With a market cap of ~$60m and $30m of cash on the balance sheet, a strong outlook for store growth, and H122 profits of $19m, Dusk looks like an absolute bargain.
Dusk is a specialty retailer of home fragrance products, think scented candles and diffusers, which account for about 66% of sales. Dusk is the clear market leader in this space and has continued to do a simple thing very well, creating sticky customers by offering paid memberships ($10 for 2 years) which account for ~60% of revenue. Like most retailers, Dusk experienced very nice tailwinds from the covid induced lockdowns with FY21 revenue growth of ~50% along with a doubling in profit.
Dusk however is no covid zombie, since 2017 they have grown their store count from 89 to 141, same-store sales from $730k to $960k, and members from 384k to 755k. As of the most recent first-half results, things continue to look good for the retailer, with membership signup up, the opening of 9 new stores and the expansion into NZ. Both revenue and profits are down which was to be expected given the nice bump from COVID and the tightening economic conditions however financials are still significantly above their FY19 levels with management guiding for FY23 revenue of ~$138m compared to revenue of $86m in 2019.
Comparing the financials to the current share price gives some eye-watering valuations:
4.2x H1 2023 profit
2.24x H1 2023 FCF
3x FY22 profit
All this while holding over 50% of the market cap in cash
It’s been 3 years since the first covid lockdown and Dusk’s continued success highlights a strong underlying business, not covid zombie. If Dusk does face a large downturn and then rebounds just to its current levels you could get a very nice return.
Devils in the detail
I see dusk come up a lot with small-cap investors, at first I thought it was just some covid hot online retailer, trading a large discount for a good reason. After my first hour of research, my mind was changed: strong long-term growth in store count, same-store sales, paid members and a market-leading position in the fragrance market. While they did have a nice covid bump they have continued to maintain sales and profits that are significantly higher than the 2019 levels.
Mr Market isn’t stupid tho, and like all retailers, there is a lot of operating leverage due to the large fixed costs required to run stores.
Due to the seasonality of the business, 70-80% of Dusk’s profits resign in the first half of the financial year. In the most recent trading update management guided for FY23 sales to be flat YoY and Pro Forma EBIT of $16-17m down from $26.5m in FY22, but still up from FY19 of $11.8m.
H1 2023 Profit before tax was $19.1m, and with full-year Pro Forma EBIT guidance of $16-17m (excludes the set-up cost of NZ and other one-off expenses) this may highlight what’s ahead for Dusk.
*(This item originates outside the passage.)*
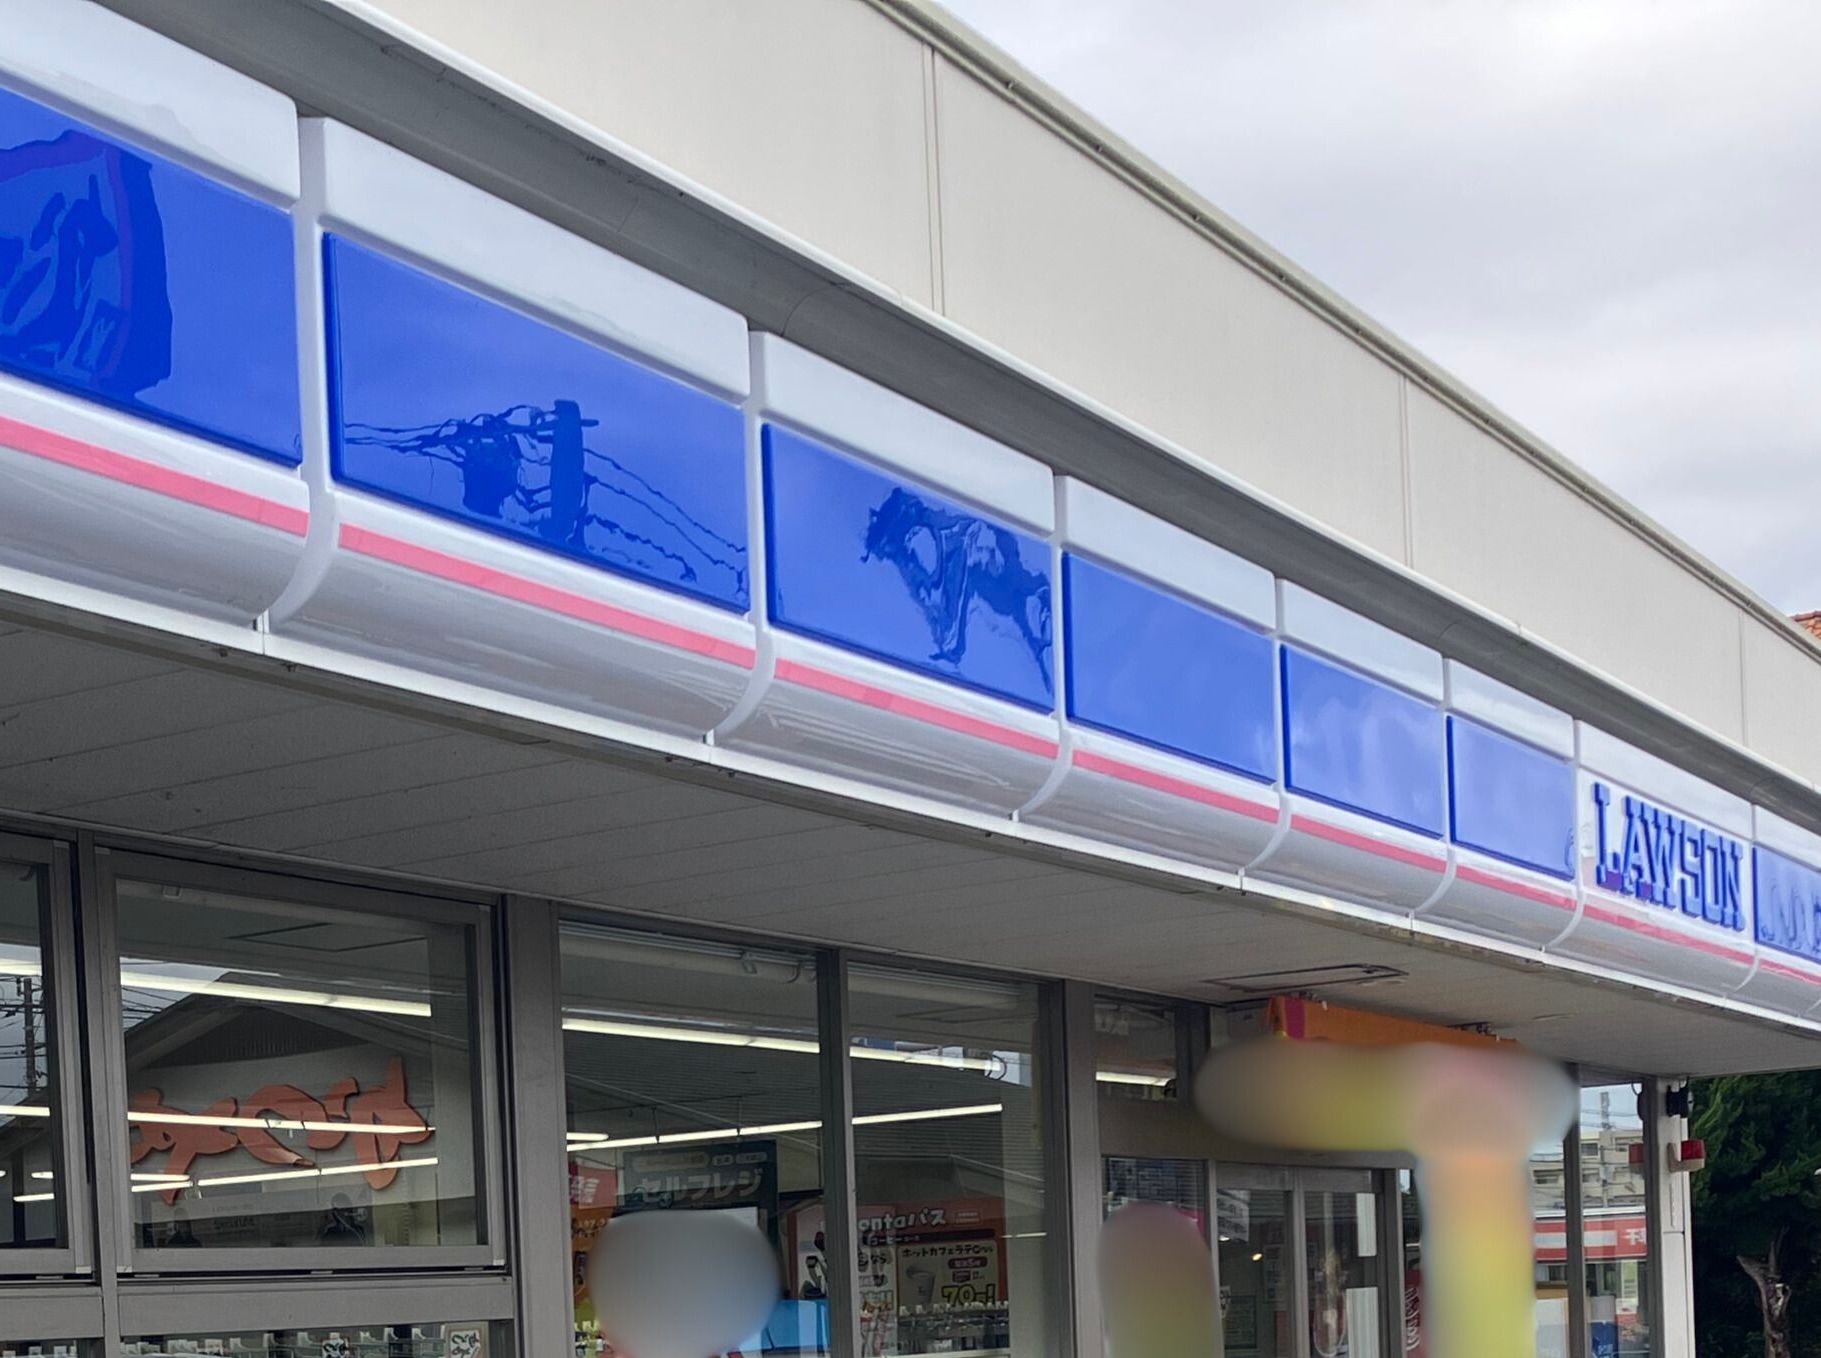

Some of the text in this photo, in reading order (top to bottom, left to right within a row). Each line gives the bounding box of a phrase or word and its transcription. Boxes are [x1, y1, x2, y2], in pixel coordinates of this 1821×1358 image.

[1592, 781, 1746, 932] LAWSON
[641, 1168, 763, 1203] セルフレジ
[858, 1208, 947, 1232] ontaパス
Any modest decline in sales will result in a significant decline in Profit and there is a decent chance going forward dusk may be unprofitable.
Crunching the Numbers
I wanted to better understand the cost base and operating leverage of the business so I tried to spreadsheet jockey there situation.
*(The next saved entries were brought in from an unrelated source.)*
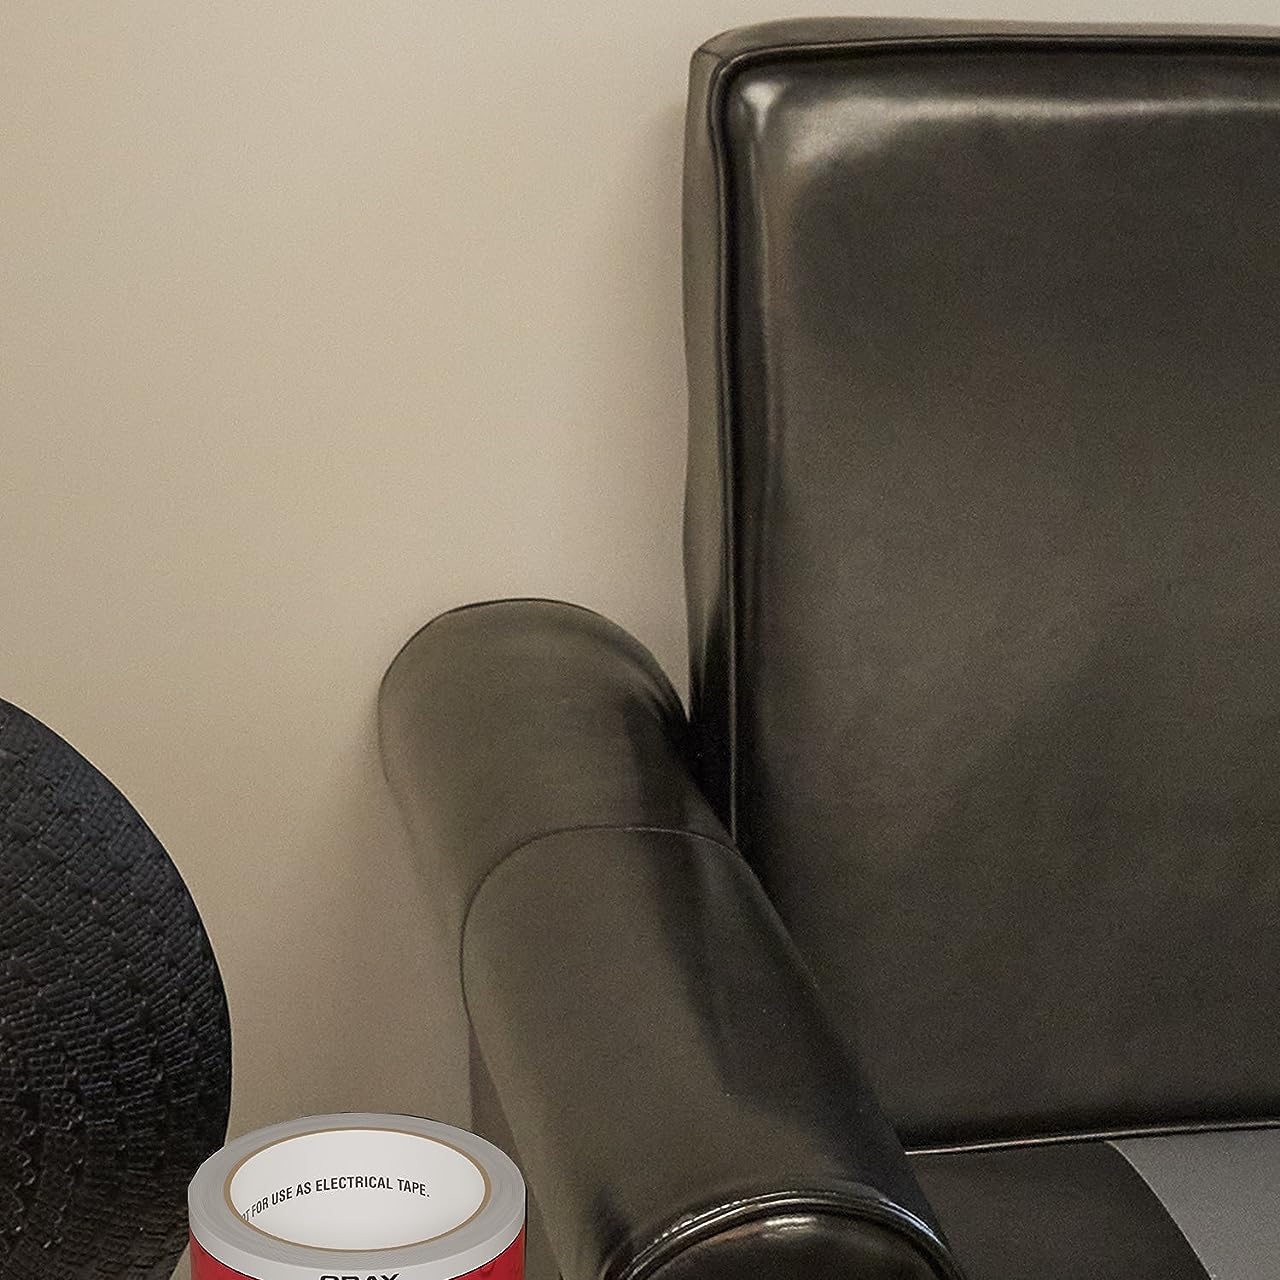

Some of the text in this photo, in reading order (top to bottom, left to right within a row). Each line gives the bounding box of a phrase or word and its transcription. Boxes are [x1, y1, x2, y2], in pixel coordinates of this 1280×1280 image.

[251, 1197, 269, 1217] FOR
[271, 1186, 293, 1205] USE
[296, 1181, 312, 1197] AS
[315, 1176, 393, 1192] ELECTRICAL
[397, 1178, 430, 1198] TAPE.
My assumptions for fixed costs were:
Employees- Given that each store only has 1-2 employees at a given time there is little wriggle room to cut employee costs
Occupancy/ rents- Definitely to note that occupancy expense is actually depreciated off a right-to-use asset every year, and is a part of “D&A” and is therefore found on the cash flow statement as “payment of lease liabilities”- does make FCF look better than it actually given this large expense is under financing
Asset maintenance
Marketing*- Is variable but there is a limit in its variability
Other expenses
Variable costs:
COGS
Tax
Other income
I have excluded the IPO and acquisition expenses (was a terminated acquisition)
Note: This model I have built is by no means perfect and there are a lot more qualitative factors required to tell the story than just plugging some numbers into excel.
I wanted to best understand the operating leverage given from FY19 to FY21 revenue increased 72% while profit increased 991%!!!!!!!!!!!!!!!!!!!!!! $2.6m to $28.5m (excluding $6m IPO costs).
So this chart shows the sales sources and expenses for Dusk
Store count- Number of stores at year-end
Same-store sales- Store sales/ no. of stores
Store revenue- Given in results by Dusk or Store count x SSS. Note that they don’t outline store and online revenue in 2018/2019 (shown the red)
Online sales- Sales from e-commerce
Total revenue - Online + Store revenue
Fixed costs- The sum of the previously listed fixed expenses. The figure below shows that fixed costs are pretty fixed and heavily tied to store count and the fact they are tightly correlated to store count will come in handy for confidence of modelling
Variable costs % of revenue- As variable costs are yes dependent on sales, you can see in the chart that they are tightly correlated to sales consistently at around 37% every year, given that most of it is just gross profit.
Variable costs- Sales x variable costs % of revenue
It does give good confidence that both fixed and variable expenses show strong trends with fixed costs correlating tightly to store count and variable costs to sales.
Forecasting
One of the biggest questions for Dusk is how far will sales fall, with very discretionary products coming off strong COVID tailwinds.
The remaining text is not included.